Senzafamiglia. L'orgoglio della diversità



Senzafamiglia. L'orgoglio della diversità

Quest’anno il Pride di Torino, la giornata dell’orgoglio glbtq, aveva come tema la famiglia. Su questa questione si è aperto un dibattito che ha portato all’elaborazione dell’appello per lo spezzone “FAMoLO!”, quello dei “senza famiglia”. Il FAMoLo! ha raccolto numerose adesioni, riuscendo portare nel Pride una riflessione sull'ambivalenza insita nella richiesta di riconoscimento da parte dello Stato delle relazioni, degli affetti, della solidarietà, del mutuo appoggio tra persone, tra adulti e bambini. Il prezzo dei «diritti» rischia di essere la libertà di percorsi identitari che non vogliono adattarsi al modello «coppia con bambini».
Qui qualche foto

Di seguito il testo che abbiamo distribuito ieri al Pride.
Libertà, uguaglianza, solidarietà. I tre principi che costituiscono la modernità, rompendo con la gerarchia che modellava l’ordine formale del mondo hanno il loro lato oscuro, un’ombra lunga fatta di esclusione, discriminazione, violenza.
Principi cardine che alle origini mantenevano saldamente fuori tanta parte dell’umanità. Poveri, donne, omosessuali, bambini erano esclusi dall’accesso a questi diritti. La loro universalità, formalmente neutra, era modellata sul maschio adulto, benestante, eterosessuale. Il resto era margine. Chi non era pienamente umano non poteva certo aspirare alle libertà degli uomini.
Una libertà soggetta a norma, regolata, imbrigliata, incasellata. La cultura dominante ne determina le possibilità, le leggi dello Stato ne fissano limiti e condizioni. Per chi ne è escluso si tratta di privilegi, per chi vi è incasellato diviene una gabbia normativa.
Il matrimonio è stato a lungo un legame sancito dallo Stato (e dalla chiesa) che fissava la diseguaglianza e l'asservimento delle donne, sottomesse al marito alla cui tutela venivano affidate. Eterne minorenni passavano dalla potestà paterna a quella maritale.
Le lotte che hanno segnato le tante vie della libertà femminile hanno in buona parte cancellato quella servitù. Ma ne hanno pagato il prezzo. Il prezzo dell'emancipazione femminile è stato l'adeguamento all'universale, che resta saldamente maschile ed eterosessuale. Lo scarto, la differenza femminile, in tutta l'ambiguità di un percorso identitario segnato da una schiavitù anche volontaria, finisce frantumata, dispersa illeggibile, se non nel ri-adeguamento ad un ruolo di cura, sostitutivo dei servizi negati e cancellati negli anni.
Lo spazio della sperimentazione, della messa in gioco dei percorsi identitari, tanto radicati nella cultura, da parere quasi «naturali», tende ad estinguersi, polverizzato dalle tante cazzutissime donne in divisa, dalle manager in carriera, dalle femministe che inventano le gerarchie femminili per favorire operazioni di lobbing.
Lo scarto femminile non è iscritto nella natura ma nemmeno nella cultura, è solo una possibilità, la possibilità che ha sempre chi si libera: cogliere le radici soggettive ed oggettive della dominazione per reciderle inventando nuovi percorsi.
Percorsi possibili solo fuori e contro il reticolo normativo stabilito dallo Stato, che, non per caso, nega diritti e tutele alle persone che scelgono di non sposarsi.

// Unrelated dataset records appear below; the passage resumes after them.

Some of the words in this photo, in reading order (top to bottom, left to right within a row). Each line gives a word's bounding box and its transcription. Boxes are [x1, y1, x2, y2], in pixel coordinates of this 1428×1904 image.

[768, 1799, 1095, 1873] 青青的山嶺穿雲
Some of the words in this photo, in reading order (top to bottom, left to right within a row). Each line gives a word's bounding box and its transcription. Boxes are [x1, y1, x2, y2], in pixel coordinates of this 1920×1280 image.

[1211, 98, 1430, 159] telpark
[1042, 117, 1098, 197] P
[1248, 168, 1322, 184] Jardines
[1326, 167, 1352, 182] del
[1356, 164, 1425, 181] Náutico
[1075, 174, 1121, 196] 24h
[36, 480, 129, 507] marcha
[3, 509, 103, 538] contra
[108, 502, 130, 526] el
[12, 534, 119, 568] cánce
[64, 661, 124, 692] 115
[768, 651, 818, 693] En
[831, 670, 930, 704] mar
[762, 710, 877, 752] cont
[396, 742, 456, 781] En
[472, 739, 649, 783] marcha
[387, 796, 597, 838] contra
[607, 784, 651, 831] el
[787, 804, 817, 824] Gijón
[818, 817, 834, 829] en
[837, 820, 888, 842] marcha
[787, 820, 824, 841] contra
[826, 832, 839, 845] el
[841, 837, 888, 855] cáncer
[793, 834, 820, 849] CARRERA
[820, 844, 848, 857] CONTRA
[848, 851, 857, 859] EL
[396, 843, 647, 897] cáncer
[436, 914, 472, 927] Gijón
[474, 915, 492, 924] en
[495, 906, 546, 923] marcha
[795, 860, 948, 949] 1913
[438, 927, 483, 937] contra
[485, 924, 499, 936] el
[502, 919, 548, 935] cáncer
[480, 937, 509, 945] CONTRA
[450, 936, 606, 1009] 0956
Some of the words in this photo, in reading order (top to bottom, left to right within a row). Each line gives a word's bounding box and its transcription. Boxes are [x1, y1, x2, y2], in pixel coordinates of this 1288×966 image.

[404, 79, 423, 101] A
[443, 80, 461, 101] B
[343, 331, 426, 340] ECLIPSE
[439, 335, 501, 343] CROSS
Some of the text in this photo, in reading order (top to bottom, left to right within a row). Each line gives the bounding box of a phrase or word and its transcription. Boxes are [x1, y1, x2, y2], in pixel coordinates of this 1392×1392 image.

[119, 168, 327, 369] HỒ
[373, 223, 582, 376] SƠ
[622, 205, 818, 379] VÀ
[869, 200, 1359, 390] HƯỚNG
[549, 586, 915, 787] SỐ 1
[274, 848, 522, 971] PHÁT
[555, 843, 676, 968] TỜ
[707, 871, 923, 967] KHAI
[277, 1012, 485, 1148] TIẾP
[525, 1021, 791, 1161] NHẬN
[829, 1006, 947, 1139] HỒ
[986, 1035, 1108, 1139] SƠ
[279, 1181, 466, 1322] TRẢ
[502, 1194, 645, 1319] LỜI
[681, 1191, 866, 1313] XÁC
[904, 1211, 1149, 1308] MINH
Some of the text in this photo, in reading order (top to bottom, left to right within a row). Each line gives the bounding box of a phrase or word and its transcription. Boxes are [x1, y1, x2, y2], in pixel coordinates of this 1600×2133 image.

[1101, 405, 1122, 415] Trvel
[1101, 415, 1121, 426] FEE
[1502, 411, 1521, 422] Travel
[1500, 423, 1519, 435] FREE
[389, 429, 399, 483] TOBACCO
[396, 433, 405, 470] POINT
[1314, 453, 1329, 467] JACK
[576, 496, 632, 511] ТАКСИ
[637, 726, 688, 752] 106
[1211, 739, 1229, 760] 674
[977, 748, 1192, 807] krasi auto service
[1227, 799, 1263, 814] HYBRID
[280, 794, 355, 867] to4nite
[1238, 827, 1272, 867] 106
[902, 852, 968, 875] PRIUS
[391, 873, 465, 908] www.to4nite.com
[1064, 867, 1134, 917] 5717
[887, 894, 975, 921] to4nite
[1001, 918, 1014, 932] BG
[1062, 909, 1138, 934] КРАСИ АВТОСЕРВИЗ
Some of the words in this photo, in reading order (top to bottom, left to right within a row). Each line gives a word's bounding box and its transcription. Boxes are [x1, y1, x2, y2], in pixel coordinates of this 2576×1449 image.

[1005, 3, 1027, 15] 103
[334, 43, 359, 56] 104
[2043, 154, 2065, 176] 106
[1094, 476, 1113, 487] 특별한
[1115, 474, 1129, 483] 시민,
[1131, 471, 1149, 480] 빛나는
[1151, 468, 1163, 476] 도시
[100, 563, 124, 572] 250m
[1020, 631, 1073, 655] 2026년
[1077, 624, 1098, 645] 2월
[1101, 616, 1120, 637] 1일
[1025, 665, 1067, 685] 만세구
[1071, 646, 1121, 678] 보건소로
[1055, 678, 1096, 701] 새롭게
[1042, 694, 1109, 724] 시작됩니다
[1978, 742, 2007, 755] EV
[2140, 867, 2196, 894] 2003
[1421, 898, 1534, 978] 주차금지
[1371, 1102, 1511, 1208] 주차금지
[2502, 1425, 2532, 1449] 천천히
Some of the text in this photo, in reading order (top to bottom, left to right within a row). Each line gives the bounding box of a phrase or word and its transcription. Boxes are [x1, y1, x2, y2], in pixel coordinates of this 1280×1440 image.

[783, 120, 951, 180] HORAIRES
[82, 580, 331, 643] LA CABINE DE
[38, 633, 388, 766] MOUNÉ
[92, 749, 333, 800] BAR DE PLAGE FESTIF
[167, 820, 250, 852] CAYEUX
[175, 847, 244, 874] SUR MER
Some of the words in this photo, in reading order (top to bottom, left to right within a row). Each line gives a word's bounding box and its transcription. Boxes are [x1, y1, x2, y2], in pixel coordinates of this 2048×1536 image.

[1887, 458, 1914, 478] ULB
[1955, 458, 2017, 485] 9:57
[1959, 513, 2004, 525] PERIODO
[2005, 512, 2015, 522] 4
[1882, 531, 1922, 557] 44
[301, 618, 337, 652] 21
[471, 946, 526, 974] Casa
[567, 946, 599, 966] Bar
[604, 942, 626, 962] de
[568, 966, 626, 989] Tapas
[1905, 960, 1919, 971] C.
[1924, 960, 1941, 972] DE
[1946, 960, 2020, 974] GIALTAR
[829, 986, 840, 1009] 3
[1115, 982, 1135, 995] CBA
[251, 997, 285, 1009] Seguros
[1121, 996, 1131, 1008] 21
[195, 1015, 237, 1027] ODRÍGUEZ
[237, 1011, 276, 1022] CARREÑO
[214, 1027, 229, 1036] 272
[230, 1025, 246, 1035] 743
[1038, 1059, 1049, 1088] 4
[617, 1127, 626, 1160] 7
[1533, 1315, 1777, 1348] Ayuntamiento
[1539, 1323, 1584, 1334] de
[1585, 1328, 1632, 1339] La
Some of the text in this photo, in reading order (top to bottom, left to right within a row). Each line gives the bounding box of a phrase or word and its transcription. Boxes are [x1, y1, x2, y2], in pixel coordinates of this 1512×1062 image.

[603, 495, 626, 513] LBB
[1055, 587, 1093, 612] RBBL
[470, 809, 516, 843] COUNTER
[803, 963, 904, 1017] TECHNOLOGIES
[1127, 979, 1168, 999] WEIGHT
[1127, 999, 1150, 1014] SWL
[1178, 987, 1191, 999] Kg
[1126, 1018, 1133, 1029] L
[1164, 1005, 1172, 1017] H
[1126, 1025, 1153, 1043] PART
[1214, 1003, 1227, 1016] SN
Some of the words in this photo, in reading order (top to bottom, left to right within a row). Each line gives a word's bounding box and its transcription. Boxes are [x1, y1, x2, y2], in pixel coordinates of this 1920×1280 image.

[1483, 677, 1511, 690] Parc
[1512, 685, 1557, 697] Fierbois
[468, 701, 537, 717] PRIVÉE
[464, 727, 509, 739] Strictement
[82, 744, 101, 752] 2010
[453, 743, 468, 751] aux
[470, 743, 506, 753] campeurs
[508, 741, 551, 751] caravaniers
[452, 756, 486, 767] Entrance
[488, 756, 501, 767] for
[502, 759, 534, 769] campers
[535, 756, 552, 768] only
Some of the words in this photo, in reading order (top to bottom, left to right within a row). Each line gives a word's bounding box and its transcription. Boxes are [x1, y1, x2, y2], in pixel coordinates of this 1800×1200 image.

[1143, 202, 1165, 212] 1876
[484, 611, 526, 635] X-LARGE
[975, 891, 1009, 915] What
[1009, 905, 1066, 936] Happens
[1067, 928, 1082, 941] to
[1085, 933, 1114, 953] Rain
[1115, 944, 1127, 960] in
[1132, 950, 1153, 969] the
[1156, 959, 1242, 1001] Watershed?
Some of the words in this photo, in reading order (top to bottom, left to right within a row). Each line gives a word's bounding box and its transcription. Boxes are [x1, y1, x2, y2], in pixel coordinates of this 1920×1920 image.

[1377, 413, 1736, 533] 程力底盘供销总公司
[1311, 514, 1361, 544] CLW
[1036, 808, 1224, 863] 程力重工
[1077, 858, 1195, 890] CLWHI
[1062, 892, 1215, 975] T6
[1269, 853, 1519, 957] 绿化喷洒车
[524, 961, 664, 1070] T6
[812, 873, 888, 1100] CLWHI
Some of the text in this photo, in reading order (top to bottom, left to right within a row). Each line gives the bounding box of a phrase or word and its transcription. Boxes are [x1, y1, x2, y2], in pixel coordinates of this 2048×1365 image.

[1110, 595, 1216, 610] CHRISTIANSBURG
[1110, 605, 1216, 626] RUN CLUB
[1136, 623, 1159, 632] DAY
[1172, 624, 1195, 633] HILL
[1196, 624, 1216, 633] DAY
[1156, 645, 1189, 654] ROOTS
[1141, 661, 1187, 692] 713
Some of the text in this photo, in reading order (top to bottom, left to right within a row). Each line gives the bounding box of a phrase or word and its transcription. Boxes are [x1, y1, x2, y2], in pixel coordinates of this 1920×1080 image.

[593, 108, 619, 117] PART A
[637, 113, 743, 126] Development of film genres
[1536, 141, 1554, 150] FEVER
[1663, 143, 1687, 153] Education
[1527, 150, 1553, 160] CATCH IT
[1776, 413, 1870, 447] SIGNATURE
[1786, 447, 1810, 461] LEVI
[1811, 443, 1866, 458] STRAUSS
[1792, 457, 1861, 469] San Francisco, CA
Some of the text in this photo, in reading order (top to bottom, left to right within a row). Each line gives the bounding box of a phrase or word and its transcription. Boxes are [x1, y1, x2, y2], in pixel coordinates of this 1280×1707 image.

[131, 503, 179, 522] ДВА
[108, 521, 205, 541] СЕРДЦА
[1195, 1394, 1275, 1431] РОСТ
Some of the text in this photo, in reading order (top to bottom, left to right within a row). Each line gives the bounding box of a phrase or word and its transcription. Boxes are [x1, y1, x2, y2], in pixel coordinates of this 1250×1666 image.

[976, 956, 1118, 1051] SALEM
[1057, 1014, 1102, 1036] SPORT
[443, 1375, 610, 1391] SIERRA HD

La strada del movimento glbtq è stata ed è ancora in netta salita. Le discriminazioni, la violenza statale e culturale pongono pesanti limiti alle persone glbtq. Facile capire il desiderio di accedere alle stesse possibilità degli eterosessuali: adozioni, pensione di reversibilità, diritto alla cura del partner...
Tutto questo però passa dalle forche caudine del matrimonio, della legalizzazione dei sentimenti, delle passioni, della tenerezza. Dall'imposizione di un modello rigido di relazione, costruita sulla coppia e sui loro figli.
Chi sceglie di starne fuori, di fare altre strade, non può accedere a queste possibilità anche se eterosessuale.
Possibile che la strada della liberazione debba passare dal riconoscimento dello Stato? Non si finisce con lo scambiare la libertà con un pizzico di sicurezza in più?
Ne vale la pena?
Ben vengano per chi li desidera i matrimoni omosessuali: lasciamo a fascisti e preti le loro vergognose crociate per escludere dall'umanità una sua parte.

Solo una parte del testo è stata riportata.